Değerli okuyucularım,
Dünyanın en seçkin yazarlarından Shakespeare'in hayata çakılmış olan ''To be or not to be'' OLMAK YADA OLMAMAK sözünü duymayan, bilmeyen yoktur sanırım.
Yazımıza konu olan bu yaşanmış hikaye hakkında , Makalemin son bölümünde ülkemizde bize yaşatılanlarla bazı hadiseleri ilintiliyerek biraz hatırlama yaparak, bilgilerimizi paylaşalım.

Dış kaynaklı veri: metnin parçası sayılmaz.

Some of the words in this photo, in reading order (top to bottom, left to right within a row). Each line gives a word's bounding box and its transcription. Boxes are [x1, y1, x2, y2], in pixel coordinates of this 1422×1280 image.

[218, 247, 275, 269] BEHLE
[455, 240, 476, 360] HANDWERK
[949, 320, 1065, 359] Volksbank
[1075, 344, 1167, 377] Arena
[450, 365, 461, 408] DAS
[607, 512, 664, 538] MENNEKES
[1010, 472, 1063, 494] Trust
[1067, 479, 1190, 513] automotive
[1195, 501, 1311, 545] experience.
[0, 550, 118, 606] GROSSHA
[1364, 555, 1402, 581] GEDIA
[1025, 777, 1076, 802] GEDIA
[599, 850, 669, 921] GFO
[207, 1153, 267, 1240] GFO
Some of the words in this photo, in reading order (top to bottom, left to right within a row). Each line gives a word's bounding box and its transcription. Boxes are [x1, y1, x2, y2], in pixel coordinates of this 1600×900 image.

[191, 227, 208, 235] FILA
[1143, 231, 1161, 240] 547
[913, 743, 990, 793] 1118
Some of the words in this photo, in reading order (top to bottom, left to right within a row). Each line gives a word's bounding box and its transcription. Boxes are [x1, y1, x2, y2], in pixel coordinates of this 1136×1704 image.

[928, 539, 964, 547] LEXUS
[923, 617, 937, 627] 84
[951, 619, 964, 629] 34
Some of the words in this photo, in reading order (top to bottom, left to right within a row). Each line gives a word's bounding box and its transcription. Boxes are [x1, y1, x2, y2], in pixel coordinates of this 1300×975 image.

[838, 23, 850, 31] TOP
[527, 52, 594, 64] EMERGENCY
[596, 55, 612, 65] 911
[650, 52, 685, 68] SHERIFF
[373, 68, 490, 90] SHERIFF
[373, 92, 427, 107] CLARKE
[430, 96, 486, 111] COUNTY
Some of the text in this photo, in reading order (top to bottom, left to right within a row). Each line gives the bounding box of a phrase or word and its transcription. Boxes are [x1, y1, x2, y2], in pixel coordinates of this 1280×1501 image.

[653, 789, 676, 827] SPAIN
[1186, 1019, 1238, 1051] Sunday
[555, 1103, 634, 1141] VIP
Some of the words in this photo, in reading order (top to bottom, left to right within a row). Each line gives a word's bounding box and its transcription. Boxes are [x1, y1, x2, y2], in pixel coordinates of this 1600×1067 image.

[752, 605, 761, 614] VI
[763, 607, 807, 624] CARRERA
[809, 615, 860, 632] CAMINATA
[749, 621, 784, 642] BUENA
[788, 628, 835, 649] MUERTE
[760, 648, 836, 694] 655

Yakın süreç içerisinde , ( Mart sonu Nisan ayı 2025 ) yaşanması muhtemel bazı olaylara Kıbrıs Türk’ünün bir ferdi olarak dikkat çekmek amacıyla kendi öngörü ve tespitlerimi siz kıymetli okurlarım ile paylaşma ihtiyacı hissettim.
Şu an bulunulan pozisyondan geri dönülmesi mümkün olmayan bir sürece gireceğimiz inancındayım. Yakın coğrafyamızda baş döndürücü gelişmelerden biz Kıbrıs Türk’ünün ziyadesiyle etkilenmesi çok büyük bir realitedir. Özellikle enerji konusundaki paylaşım bunun en büyük tetikleyicisi olsa gerek !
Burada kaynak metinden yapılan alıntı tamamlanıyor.